INSTRUCTIONS FOR THE TASK: Write out the data exactly as given, dropping every picture.

DATA RECORDS:
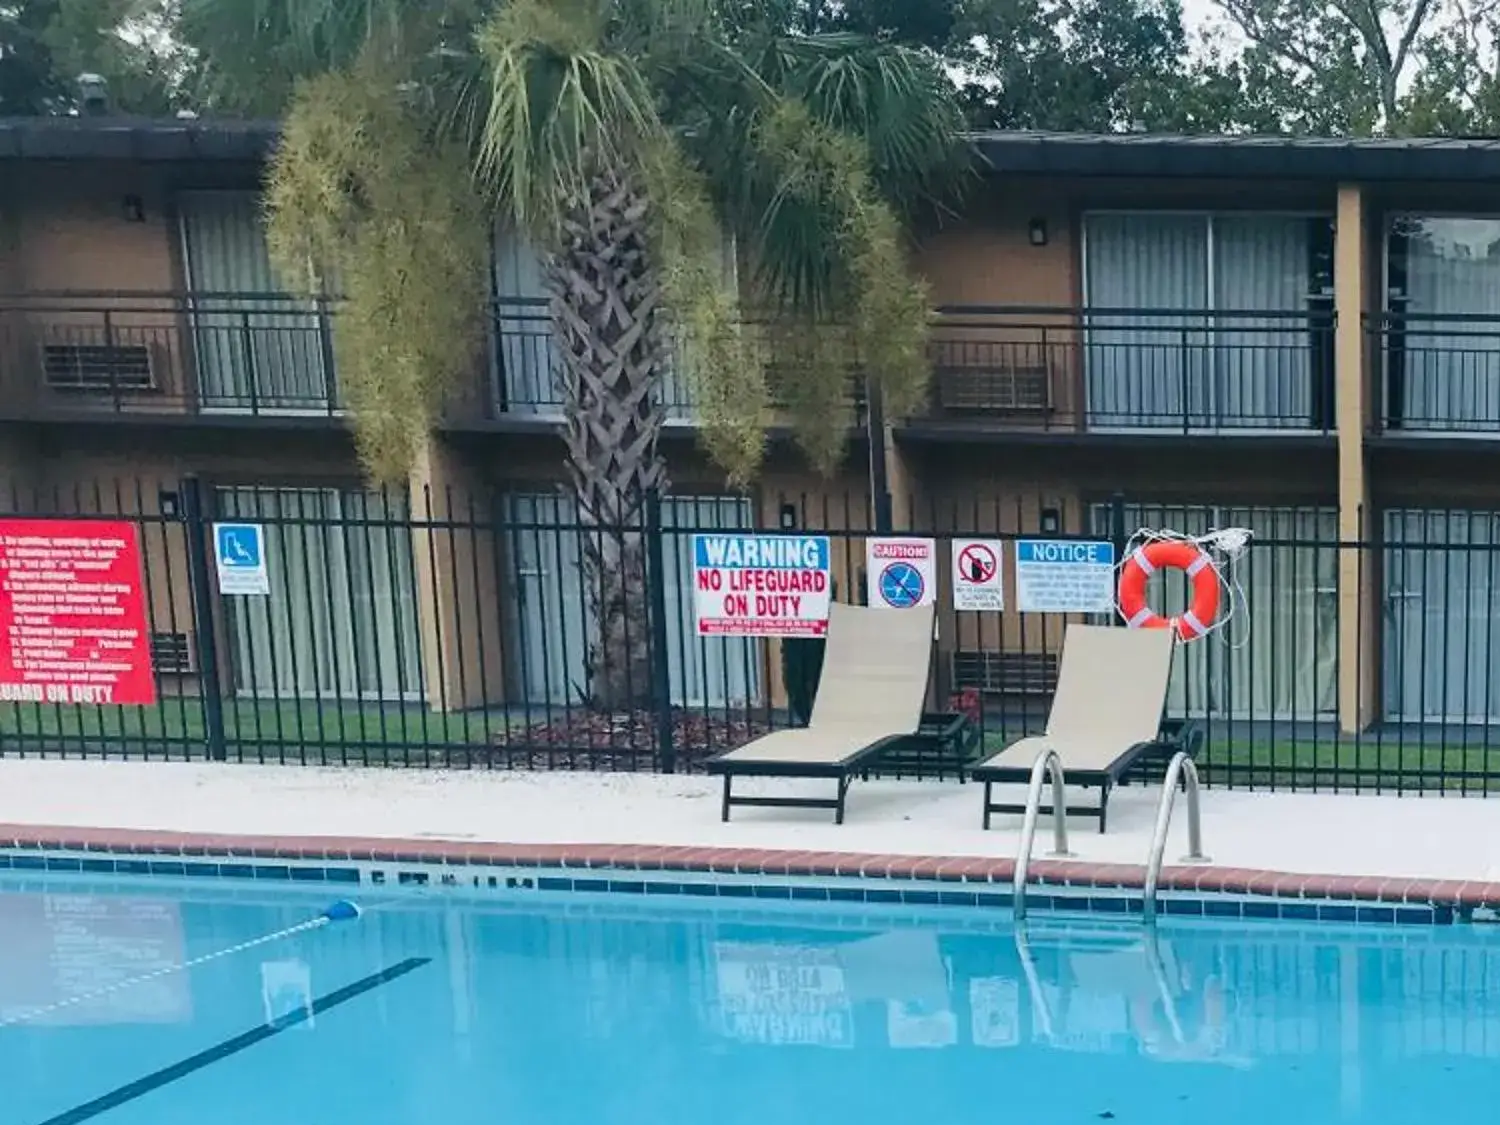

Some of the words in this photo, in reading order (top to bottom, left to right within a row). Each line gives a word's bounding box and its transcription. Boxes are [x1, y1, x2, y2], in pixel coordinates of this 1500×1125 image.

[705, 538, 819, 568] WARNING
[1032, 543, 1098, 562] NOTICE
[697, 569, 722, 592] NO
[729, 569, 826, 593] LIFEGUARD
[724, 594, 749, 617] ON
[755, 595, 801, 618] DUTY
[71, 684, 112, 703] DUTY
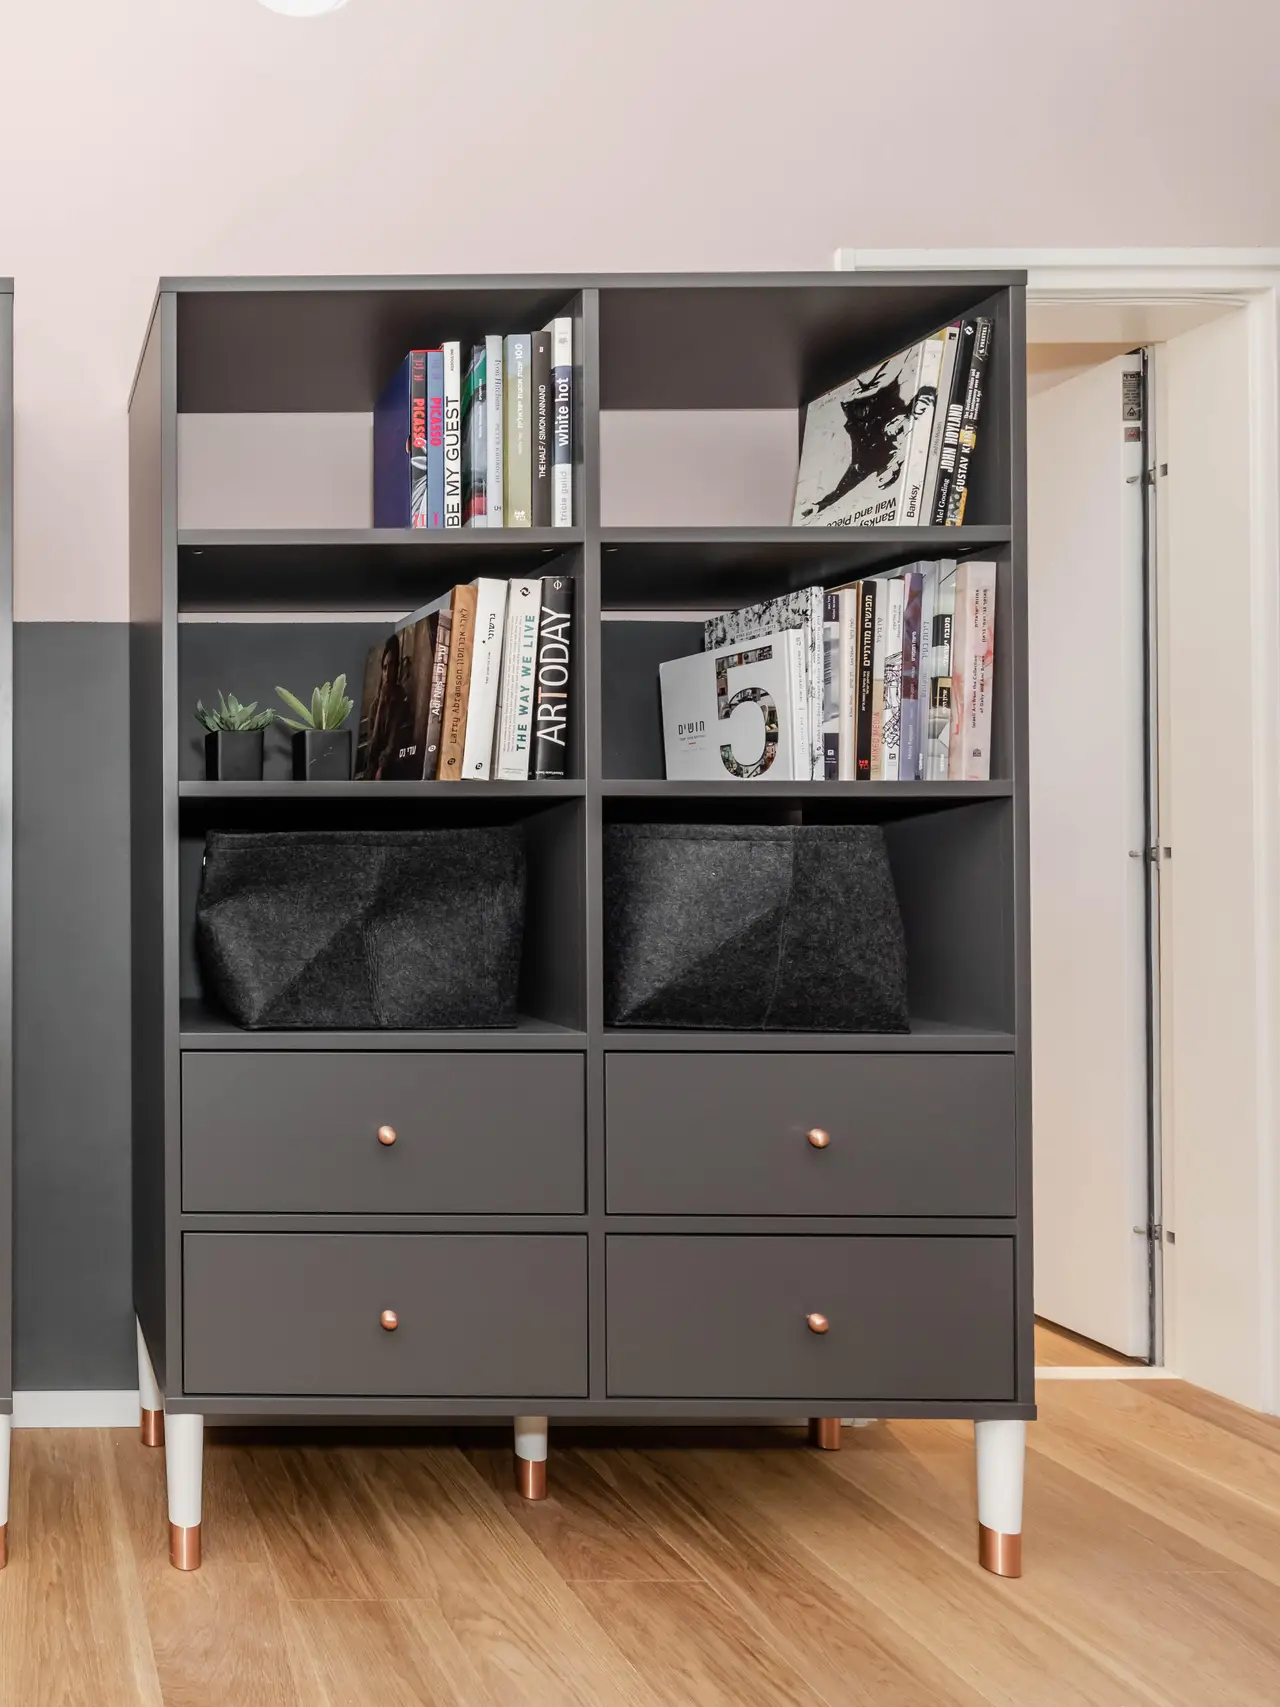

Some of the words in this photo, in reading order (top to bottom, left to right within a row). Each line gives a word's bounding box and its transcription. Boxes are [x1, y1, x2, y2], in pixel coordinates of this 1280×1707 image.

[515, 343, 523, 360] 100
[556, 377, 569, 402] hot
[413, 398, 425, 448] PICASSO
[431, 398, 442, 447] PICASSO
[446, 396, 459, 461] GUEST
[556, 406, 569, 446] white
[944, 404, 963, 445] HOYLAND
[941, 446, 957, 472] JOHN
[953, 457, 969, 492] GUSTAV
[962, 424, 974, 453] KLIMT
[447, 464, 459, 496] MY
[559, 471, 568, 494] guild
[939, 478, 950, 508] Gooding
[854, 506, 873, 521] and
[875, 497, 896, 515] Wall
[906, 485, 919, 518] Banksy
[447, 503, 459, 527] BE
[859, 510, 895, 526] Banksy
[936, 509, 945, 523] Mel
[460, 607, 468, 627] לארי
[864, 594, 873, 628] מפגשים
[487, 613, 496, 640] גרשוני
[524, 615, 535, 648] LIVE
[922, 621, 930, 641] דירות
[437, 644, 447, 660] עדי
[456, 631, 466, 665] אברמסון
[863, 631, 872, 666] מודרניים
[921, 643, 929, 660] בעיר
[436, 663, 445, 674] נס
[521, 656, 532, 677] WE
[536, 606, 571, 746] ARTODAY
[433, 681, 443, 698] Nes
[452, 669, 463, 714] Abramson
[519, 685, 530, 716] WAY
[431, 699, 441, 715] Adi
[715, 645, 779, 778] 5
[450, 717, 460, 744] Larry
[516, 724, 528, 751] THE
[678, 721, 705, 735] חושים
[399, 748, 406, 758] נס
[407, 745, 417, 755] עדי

SOLUTION FOR THIS EXERCISE:
Some of the words in this photo, in reading order (top to bottom, left to right within a row). Each line gives a word's bounding box and its transcription. Boxes are [x1, y1, x2, y2], in pixel coordinates of this 1500×1125 image.

[705, 538, 819, 568] WARNING
[1032, 543, 1098, 562] NOTICE
[697, 569, 722, 592] NO
[729, 569, 826, 593] LIFEGUARD
[724, 594, 749, 617] ON
[755, 595, 801, 618] DUTY
[71, 684, 112, 703] DUTY

Some of the words in this photo, in reading order (top to bottom, left to right within a row). Each line gives a word's bounding box and its transcription. Boxes are [x1, y1, x2, y2], in pixel coordinates of this 1280×1707 image.

[515, 343, 523, 360] 100
[556, 377, 569, 402] hot
[413, 398, 425, 448] PICASSO
[431, 398, 442, 447] PICASSO
[446, 396, 459, 461] GUEST
[556, 406, 569, 446] white
[944, 404, 963, 445] HOYLAND
[941, 446, 957, 472] JOHN
[953, 457, 969, 492] GUSTAV
[962, 424, 974, 453] KLIMT
[447, 464, 459, 496] MY
[559, 471, 568, 494] guild
[939, 478, 950, 508] Gooding
[854, 506, 873, 521] and
[875, 497, 896, 515] Wall
[906, 485, 919, 518] Banksy
[447, 503, 459, 527] BE
[859, 510, 895, 526] Banksy
[936, 509, 945, 523] Mel
[460, 607, 468, 627] לארי
[864, 594, 873, 628] מפגשים
[487, 613, 496, 640] גרשוני
[524, 615, 535, 648] LIVE
[922, 621, 930, 641] דירות
[437, 644, 447, 660] עדי
[456, 631, 466, 665] אברמסון
[863, 631, 872, 666] מודרניים
[921, 643, 929, 660] בעיר
[436, 663, 445, 674] נס
[521, 656, 532, 677] WE
[536, 606, 571, 746] ARTODAY
[433, 681, 443, 698] Nes
[452, 669, 463, 714] Abramson
[519, 685, 530, 716] WAY
[431, 699, 441, 715] Adi
[715, 645, 779, 778] 5
[450, 717, 460, 744] Larry
[516, 724, 528, 751] THE
[678, 721, 705, 735] חושים
[399, 748, 406, 758] נס
[407, 745, 417, 755] עדי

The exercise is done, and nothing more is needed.